Records contained in a dataset:

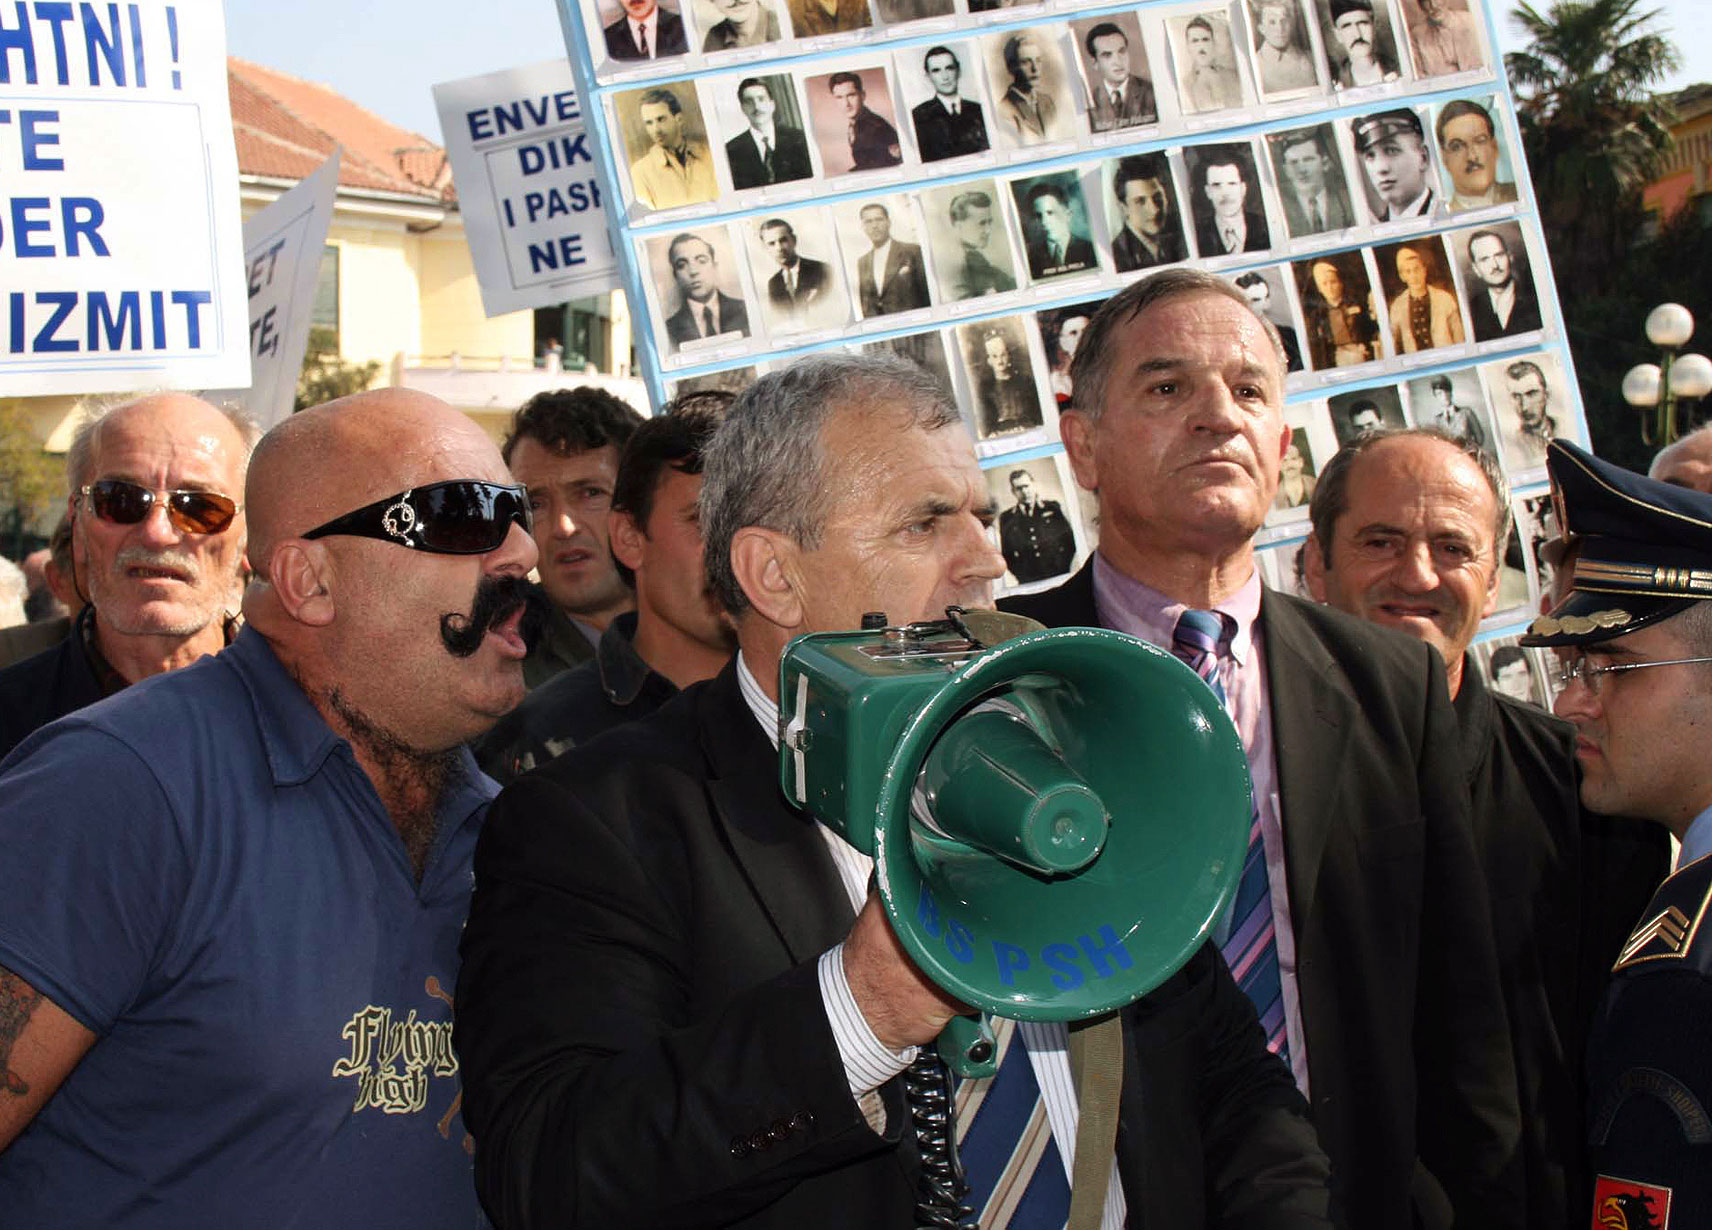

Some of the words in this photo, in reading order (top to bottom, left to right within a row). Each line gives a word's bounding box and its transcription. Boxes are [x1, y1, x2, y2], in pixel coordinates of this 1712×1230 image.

[466, 91, 581, 141] ENVE
[0, 109, 65, 171] E
[517, 133, 593, 176] DIK
[0, 196, 112, 258] ER
[503, 198, 516, 228] I
[528, 235, 586, 274] NE
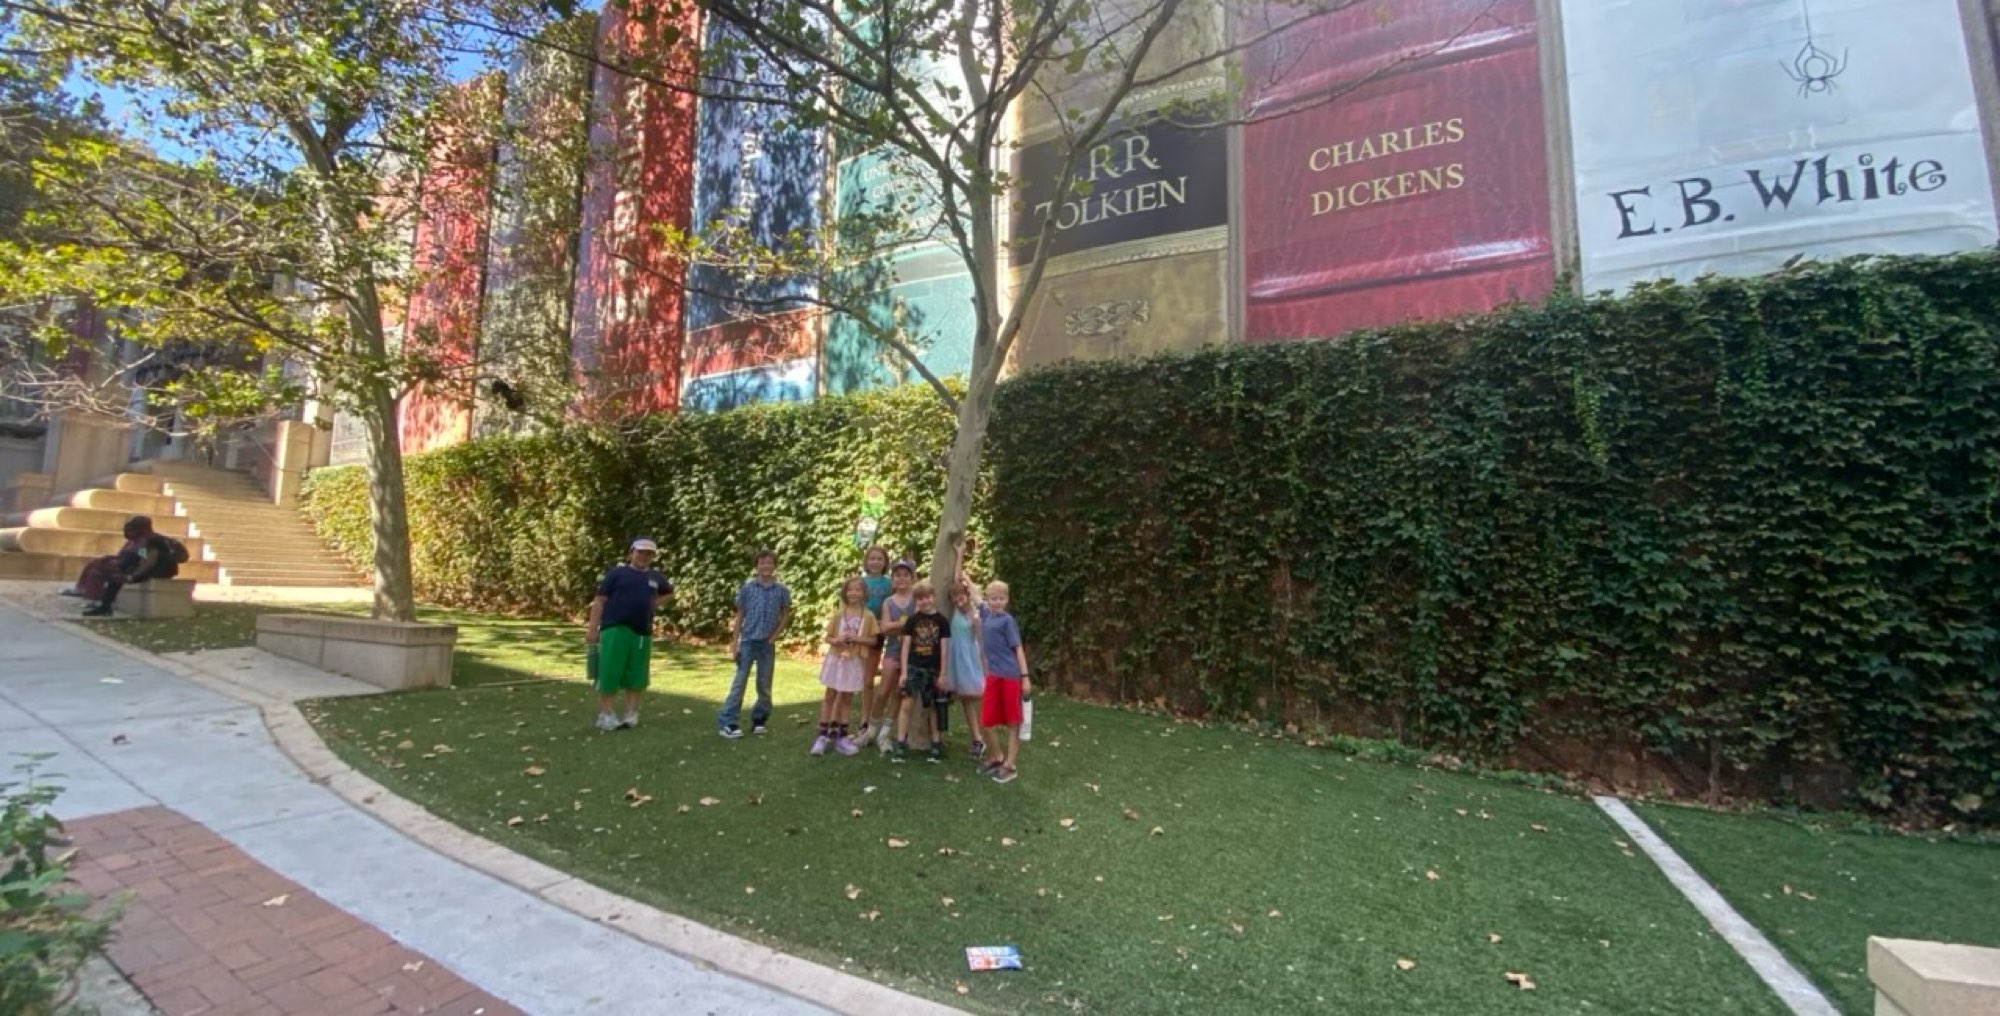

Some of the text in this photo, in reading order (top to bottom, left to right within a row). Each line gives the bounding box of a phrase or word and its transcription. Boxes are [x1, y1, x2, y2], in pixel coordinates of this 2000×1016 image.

TASK TO COMPLETE: Would you mind returning each entry above word for word, skipping the images?

WRITTEN REPLY:
Some of the words in this photo, in reading order (top to bottom, left to right within a row). Each line gives a word's bounding box and its transcription. Boxes are [x1, y1, x2, y2], in pixel coordinates of this 1712×1230 image.

[466, 91, 581, 141] ENVE
[0, 109, 65, 171] E
[517, 133, 593, 176] DIK
[0, 196, 112, 258] ER
[503, 198, 516, 228] I
[528, 235, 586, 274] NE

Some of the text in this photo, in reading order (top to bottom, left to right within a row). Each line gives the bounding box of a phrase or word and its transcription. Boxes are [x1, y1, x2, y2], in pixel coordinates of this 2000×1016 image.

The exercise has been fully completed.